##### Data #####

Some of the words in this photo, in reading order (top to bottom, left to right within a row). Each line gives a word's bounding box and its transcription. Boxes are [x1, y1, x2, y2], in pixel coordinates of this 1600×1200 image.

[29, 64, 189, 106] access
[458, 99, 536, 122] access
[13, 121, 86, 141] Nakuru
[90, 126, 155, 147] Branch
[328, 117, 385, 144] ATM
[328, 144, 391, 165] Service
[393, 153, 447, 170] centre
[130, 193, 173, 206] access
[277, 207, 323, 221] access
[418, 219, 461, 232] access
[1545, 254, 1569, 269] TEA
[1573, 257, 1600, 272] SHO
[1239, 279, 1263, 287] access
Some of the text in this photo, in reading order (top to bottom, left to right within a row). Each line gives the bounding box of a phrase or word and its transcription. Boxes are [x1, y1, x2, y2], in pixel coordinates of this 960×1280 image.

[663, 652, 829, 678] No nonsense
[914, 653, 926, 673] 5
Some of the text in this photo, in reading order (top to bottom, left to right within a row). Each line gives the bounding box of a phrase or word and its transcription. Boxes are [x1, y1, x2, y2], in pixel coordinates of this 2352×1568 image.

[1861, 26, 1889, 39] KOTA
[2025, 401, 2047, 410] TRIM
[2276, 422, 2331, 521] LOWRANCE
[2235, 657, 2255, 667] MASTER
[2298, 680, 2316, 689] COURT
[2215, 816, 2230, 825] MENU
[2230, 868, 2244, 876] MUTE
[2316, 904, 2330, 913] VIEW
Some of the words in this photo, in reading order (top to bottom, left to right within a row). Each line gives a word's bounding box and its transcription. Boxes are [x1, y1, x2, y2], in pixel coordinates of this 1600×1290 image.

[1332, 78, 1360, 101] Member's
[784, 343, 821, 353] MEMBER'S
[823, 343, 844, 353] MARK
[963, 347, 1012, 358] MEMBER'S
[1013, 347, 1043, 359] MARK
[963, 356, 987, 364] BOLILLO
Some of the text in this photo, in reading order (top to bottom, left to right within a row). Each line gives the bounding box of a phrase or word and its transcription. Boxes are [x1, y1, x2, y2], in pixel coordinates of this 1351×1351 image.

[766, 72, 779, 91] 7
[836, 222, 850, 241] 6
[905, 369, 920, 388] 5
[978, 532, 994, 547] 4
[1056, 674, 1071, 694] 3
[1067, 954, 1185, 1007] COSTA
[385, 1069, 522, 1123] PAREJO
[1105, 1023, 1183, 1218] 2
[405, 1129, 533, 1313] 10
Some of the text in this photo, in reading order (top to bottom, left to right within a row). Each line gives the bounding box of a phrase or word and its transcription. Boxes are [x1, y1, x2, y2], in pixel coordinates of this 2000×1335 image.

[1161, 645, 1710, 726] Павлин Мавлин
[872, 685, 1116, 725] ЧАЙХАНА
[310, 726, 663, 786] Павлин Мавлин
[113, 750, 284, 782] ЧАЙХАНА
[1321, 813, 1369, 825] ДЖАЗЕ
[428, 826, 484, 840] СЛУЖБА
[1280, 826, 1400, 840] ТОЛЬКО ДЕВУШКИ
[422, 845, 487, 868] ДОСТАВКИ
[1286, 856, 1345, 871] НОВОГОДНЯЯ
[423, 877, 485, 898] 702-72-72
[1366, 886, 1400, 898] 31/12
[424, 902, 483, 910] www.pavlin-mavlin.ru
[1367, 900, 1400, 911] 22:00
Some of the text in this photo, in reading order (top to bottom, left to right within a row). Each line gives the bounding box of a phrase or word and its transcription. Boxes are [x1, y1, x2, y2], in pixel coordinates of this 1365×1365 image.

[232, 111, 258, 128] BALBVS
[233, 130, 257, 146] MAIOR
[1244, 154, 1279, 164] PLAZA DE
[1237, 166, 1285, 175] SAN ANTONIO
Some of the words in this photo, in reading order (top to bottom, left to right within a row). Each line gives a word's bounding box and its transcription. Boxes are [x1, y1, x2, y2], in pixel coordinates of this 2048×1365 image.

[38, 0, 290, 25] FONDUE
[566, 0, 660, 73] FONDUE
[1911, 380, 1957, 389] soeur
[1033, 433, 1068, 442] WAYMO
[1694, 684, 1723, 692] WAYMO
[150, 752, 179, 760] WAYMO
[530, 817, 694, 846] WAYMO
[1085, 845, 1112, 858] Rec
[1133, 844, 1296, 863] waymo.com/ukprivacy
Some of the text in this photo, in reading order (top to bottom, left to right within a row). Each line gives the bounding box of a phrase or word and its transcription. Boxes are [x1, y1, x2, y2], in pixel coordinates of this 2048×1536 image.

#####

▶ _Task_
The data should be copied out in full, exactly as it reads.

▶ _Output below_
Some of the words in this photo, in reading order (top to bottom, left to right within a row). Each line gives a word's bounding box and its transcription. Boxes are [x1, y1, x2, y2], in pixel coordinates of this 1600×1200 image.

[29, 64, 189, 106] access
[458, 99, 536, 122] access
[13, 121, 86, 141] Nakuru
[90, 126, 155, 147] Branch
[328, 117, 385, 144] ATM
[328, 144, 391, 165] Service
[393, 153, 447, 170] centre
[130, 193, 173, 206] access
[277, 207, 323, 221] access
[418, 219, 461, 232] access
[1545, 254, 1569, 269] TEA
[1573, 257, 1600, 272] SHO
[1239, 279, 1263, 287] access
Some of the text in this photo, in reading order (top to bottom, left to right within a row). Each line gives the bounding box of a phrase or word and its transcription. Boxes are [x1, y1, x2, y2], in pixel coordinates of this 960×1280 image.

[663, 652, 829, 678] No nonsense
[914, 653, 926, 673] 5
Some of the text in this photo, in reading order (top to bottom, left to right within a row). Each line gives the bounding box of a phrase or word and its transcription. Boxes are [x1, y1, x2, y2], in pixel coordinates of this 2352×1568 image.

[1861, 26, 1889, 39] KOTA
[2025, 401, 2047, 410] TRIM
[2276, 422, 2331, 521] LOWRANCE
[2235, 657, 2255, 667] MASTER
[2298, 680, 2316, 689] COURT
[2215, 816, 2230, 825] MENU
[2230, 868, 2244, 876] MUTE
[2316, 904, 2330, 913] VIEW
Some of the words in this photo, in reading order (top to bottom, left to right within a row). Each line gives a word's bounding box and its transcription. Boxes are [x1, y1, x2, y2], in pixel coordinates of this 1600×1290 image.

[1332, 78, 1360, 101] Member's
[784, 343, 821, 353] MEMBER'S
[823, 343, 844, 353] MARK
[963, 347, 1012, 358] MEMBER'S
[1013, 347, 1043, 359] MARK
[963, 356, 987, 364] BOLILLO
Some of the text in this photo, in reading order (top to bottom, left to right within a row). Each line gives the bounding box of a phrase or word and its transcription. Boxes are [x1, y1, x2, y2], in pixel coordinates of this 1351×1351 image.

[766, 72, 779, 91] 7
[836, 222, 850, 241] 6
[905, 369, 920, 388] 5
[978, 532, 994, 547] 4
[1056, 674, 1071, 694] 3
[1067, 954, 1185, 1007] COSTA
[385, 1069, 522, 1123] PAREJO
[1105, 1023, 1183, 1218] 2
[405, 1129, 533, 1313] 10
Some of the text in this photo, in reading order (top to bottom, left to right within a row). Each line gives the bounding box of a phrase or word and its transcription. Boxes are [x1, y1, x2, y2], in pixel coordinates of this 2000×1335 image.

[1161, 645, 1710, 726] Павлин Мавлин
[872, 685, 1116, 725] ЧАЙХАНА
[310, 726, 663, 786] Павлин Мавлин
[113, 750, 284, 782] ЧАЙХАНА
[1321, 813, 1369, 825] ДЖАЗЕ
[428, 826, 484, 840] СЛУЖБА
[1280, 826, 1400, 840] ТОЛЬКО ДЕВУШКИ
[422, 845, 487, 868] ДОСТАВКИ
[1286, 856, 1345, 871] НОВОГОДНЯЯ
[423, 877, 485, 898] 702-72-72
[1366, 886, 1400, 898] 31/12
[424, 902, 483, 910] www.pavlin-mavlin.ru
[1367, 900, 1400, 911] 22:00
Some of the text in this photo, in reading order (top to bottom, left to right within a row). Each line gives the bounding box of a phrase or word and its transcription. Boxes are [x1, y1, x2, y2], in pixel coordinates of this 1365×1365 image.

[232, 111, 258, 128] BALBVS
[233, 130, 257, 146] MAIOR
[1244, 154, 1279, 164] PLAZA DE
[1237, 166, 1285, 175] SAN ANTONIO
Some of the words in this photo, in reading order (top to bottom, left to right within a row). Each line gives a word's bounding box and its transcription. Boxes are [x1, y1, x2, y2], in pixel coordinates of this 2048×1365 image.

[38, 0, 290, 25] FONDUE
[566, 0, 660, 73] FONDUE
[1911, 380, 1957, 389] soeur
[1033, 433, 1068, 442] WAYMO
[1694, 684, 1723, 692] WAYMO
[150, 752, 179, 760] WAYMO
[530, 817, 694, 846] WAYMO
[1085, 845, 1112, 858] Rec
[1133, 844, 1296, 863] waymo.com/ukprivacy
Some of the text in this photo, in reading order (top to bottom, left to right within a row). Each line gives the bounding box of a phrase or word and its transcription. Boxes are [x1, y1, x2, y2], in pixel coordinates of this 2048×1536 image.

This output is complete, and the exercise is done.